> _Problem requirements_
From the first record below to the last, retype each one exactly.

> _Input data_
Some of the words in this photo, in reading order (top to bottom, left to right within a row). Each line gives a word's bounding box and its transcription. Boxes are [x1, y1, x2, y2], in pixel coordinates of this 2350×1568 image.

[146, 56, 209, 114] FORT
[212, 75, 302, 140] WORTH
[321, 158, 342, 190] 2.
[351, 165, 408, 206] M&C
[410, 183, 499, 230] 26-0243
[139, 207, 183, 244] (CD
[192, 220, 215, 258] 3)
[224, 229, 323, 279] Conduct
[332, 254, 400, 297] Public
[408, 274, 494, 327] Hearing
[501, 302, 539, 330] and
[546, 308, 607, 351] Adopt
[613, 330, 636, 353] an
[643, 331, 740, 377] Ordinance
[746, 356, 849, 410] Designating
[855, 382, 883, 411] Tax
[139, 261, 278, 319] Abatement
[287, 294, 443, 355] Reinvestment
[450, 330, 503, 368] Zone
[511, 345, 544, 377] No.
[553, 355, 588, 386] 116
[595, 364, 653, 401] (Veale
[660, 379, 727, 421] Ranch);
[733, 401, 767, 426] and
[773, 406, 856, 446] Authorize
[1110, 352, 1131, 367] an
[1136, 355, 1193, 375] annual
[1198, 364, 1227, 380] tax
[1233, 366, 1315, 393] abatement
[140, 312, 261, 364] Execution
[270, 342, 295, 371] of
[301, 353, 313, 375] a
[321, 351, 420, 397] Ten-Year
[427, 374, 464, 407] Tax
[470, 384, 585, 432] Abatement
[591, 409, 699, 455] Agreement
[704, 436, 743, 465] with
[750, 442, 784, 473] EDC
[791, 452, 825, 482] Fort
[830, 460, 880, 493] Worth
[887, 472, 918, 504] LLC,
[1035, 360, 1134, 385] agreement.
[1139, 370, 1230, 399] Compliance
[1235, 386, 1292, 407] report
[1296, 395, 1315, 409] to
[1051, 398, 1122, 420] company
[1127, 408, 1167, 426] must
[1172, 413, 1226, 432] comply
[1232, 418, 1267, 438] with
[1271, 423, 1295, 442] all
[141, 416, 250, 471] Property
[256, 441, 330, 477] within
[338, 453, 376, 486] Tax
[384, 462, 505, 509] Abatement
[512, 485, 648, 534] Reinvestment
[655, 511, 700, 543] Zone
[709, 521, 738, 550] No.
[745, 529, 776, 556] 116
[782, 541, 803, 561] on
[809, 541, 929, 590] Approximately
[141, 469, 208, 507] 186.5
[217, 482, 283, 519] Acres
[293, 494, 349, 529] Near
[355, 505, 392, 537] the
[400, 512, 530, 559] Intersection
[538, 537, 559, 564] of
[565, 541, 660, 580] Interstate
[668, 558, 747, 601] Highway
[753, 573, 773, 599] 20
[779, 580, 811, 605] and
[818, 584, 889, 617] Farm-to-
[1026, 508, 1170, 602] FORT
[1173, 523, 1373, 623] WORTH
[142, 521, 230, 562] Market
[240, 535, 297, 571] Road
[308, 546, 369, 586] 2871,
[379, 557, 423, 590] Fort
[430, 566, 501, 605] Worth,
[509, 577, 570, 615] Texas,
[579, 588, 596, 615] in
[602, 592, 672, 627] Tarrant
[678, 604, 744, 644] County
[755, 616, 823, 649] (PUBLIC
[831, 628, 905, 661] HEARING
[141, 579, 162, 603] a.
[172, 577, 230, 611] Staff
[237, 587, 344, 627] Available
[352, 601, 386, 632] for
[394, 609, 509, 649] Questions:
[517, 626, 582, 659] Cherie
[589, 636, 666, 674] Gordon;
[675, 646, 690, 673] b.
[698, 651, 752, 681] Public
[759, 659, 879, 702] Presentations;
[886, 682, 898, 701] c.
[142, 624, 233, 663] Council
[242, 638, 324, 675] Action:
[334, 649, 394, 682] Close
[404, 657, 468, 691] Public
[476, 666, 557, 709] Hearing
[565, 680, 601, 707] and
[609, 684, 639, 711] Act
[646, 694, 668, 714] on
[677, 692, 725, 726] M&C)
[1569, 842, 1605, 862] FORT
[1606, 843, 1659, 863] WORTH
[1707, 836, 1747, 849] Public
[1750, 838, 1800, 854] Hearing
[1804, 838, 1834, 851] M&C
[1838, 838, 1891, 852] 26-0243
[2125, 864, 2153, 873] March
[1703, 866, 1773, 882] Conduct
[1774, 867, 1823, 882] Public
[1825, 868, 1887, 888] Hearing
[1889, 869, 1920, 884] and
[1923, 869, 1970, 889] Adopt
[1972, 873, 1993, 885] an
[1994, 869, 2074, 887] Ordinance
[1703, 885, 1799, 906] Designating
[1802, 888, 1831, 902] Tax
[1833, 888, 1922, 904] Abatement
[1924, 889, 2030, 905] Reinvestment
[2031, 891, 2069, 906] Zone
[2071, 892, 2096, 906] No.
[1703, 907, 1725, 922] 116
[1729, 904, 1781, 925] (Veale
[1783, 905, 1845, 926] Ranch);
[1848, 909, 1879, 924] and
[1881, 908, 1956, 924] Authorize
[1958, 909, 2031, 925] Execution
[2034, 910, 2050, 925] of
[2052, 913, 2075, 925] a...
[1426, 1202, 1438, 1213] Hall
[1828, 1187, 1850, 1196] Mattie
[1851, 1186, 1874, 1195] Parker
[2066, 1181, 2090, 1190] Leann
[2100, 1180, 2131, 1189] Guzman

> _Answer section_
Some of the words in this photo, in reading order (top to bottom, left to right within a row). Each line gives a word's bounding box and its transcription. Boxes are [x1, y1, x2, y2], in pixel coordinates of this 2350×1568 image.

[146, 56, 209, 114] FORT
[212, 75, 302, 140] WORTH
[321, 158, 342, 190] 2.
[351, 165, 408, 206] M&C
[410, 183, 499, 230] 26-0243
[139, 207, 183, 244] (CD
[192, 220, 215, 258] 3)
[224, 229, 323, 279] Conduct
[332, 254, 400, 297] Public
[408, 274, 494, 327] Hearing
[501, 302, 539, 330] and
[546, 308, 607, 351] Adopt
[613, 330, 636, 353] an
[643, 331, 740, 377] Ordinance
[746, 356, 849, 410] Designating
[855, 382, 883, 411] Tax
[139, 261, 278, 319] Abatement
[287, 294, 443, 355] Reinvestment
[450, 330, 503, 368] Zone
[511, 345, 544, 377] No.
[553, 355, 588, 386] 116
[595, 364, 653, 401] (Veale
[660, 379, 727, 421] Ranch);
[733, 401, 767, 426] and
[773, 406, 856, 446] Authorize
[1110, 352, 1131, 367] an
[1136, 355, 1193, 375] annual
[1198, 364, 1227, 380] tax
[1233, 366, 1315, 393] abatement
[140, 312, 261, 364] Execution
[270, 342, 295, 371] of
[301, 353, 313, 375] a
[321, 351, 420, 397] Ten-Year
[427, 374, 464, 407] Tax
[470, 384, 585, 432] Abatement
[591, 409, 699, 455] Agreement
[704, 436, 743, 465] with
[750, 442, 784, 473] EDC
[791, 452, 825, 482] Fort
[830, 460, 880, 493] Worth
[887, 472, 918, 504] LLC,
[1035, 360, 1134, 385] agreement.
[1139, 370, 1230, 399] Compliance
[1235, 386, 1292, 407] report
[1296, 395, 1315, 409] to
[1051, 398, 1122, 420] company
[1127, 408, 1167, 426] must
[1172, 413, 1226, 432] comply
[1232, 418, 1267, 438] with
[1271, 423, 1295, 442] all
[141, 416, 250, 471] Property
[256, 441, 330, 477] within
[338, 453, 376, 486] Tax
[384, 462, 505, 509] Abatement
[512, 485, 648, 534] Reinvestment
[655, 511, 700, 543] Zone
[709, 521, 738, 550] No.
[745, 529, 776, 556] 116
[782, 541, 803, 561] on
[809, 541, 929, 590] Approximately
[141, 469, 208, 507] 186.5
[217, 482, 283, 519] Acres
[293, 494, 349, 529] Near
[355, 505, 392, 537] the
[400, 512, 530, 559] Intersection
[538, 537, 559, 564] of
[565, 541, 660, 580] Interstate
[668, 558, 747, 601] Highway
[753, 573, 773, 599] 20
[779, 580, 811, 605] and
[818, 584, 889, 617] Farm-to-
[1026, 508, 1170, 602] FORT
[1173, 523, 1373, 623] WORTH
[142, 521, 230, 562] Market
[240, 535, 297, 571] Road
[308, 546, 369, 586] 2871,
[379, 557, 423, 590] Fort
[430, 566, 501, 605] Worth,
[509, 577, 570, 615] Texas,
[579, 588, 596, 615] in
[602, 592, 672, 627] Tarrant
[678, 604, 744, 644] County
[755, 616, 823, 649] (PUBLIC
[831, 628, 905, 661] HEARING
[141, 579, 162, 603] a.
[172, 577, 230, 611] Staff
[237, 587, 344, 627] Available
[352, 601, 386, 632] for
[394, 609, 509, 649] Questions:
[517, 626, 582, 659] Cherie
[589, 636, 666, 674] Gordon;
[675, 646, 690, 673] b.
[698, 651, 752, 681] Public
[759, 659, 879, 702] Presentations;
[886, 682, 898, 701] c.
[142, 624, 233, 663] Council
[242, 638, 324, 675] Action:
[334, 649, 394, 682] Close
[404, 657, 468, 691] Public
[476, 666, 557, 709] Hearing
[565, 680, 601, 707] and
[609, 684, 639, 711] Act
[646, 694, 668, 714] on
[677, 692, 725, 726] M&C)
[1569, 842, 1605, 862] FORT
[1606, 843, 1659, 863] WORTH
[1707, 836, 1747, 849] Public
[1750, 838, 1800, 854] Hearing
[1804, 838, 1834, 851] M&C
[1838, 838, 1891, 852] 26-0243
[2125, 864, 2153, 873] March
[1703, 866, 1773, 882] Conduct
[1774, 867, 1823, 882] Public
[1825, 868, 1887, 888] Hearing
[1889, 869, 1920, 884] and
[1923, 869, 1970, 889] Adopt
[1972, 873, 1993, 885] an
[1994, 869, 2074, 887] Ordinance
[1703, 885, 1799, 906] Designating
[1802, 888, 1831, 902] Tax
[1833, 888, 1922, 904] Abatement
[1924, 889, 2030, 905] Reinvestment
[2031, 891, 2069, 906] Zone
[2071, 892, 2096, 906] No.
[1703, 907, 1725, 922] 116
[1729, 904, 1781, 925] (Veale
[1783, 905, 1845, 926] Ranch);
[1848, 909, 1879, 924] and
[1881, 908, 1956, 924] Authorize
[1958, 909, 2031, 925] Execution
[2034, 910, 2050, 925] of
[2052, 913, 2075, 925] a...
[1426, 1202, 1438, 1213] Hall
[1828, 1187, 1850, 1196] Mattie
[1851, 1186, 1874, 1195] Parker
[2066, 1181, 2090, 1190] Leann
[2100, 1180, 2131, 1189] Guzman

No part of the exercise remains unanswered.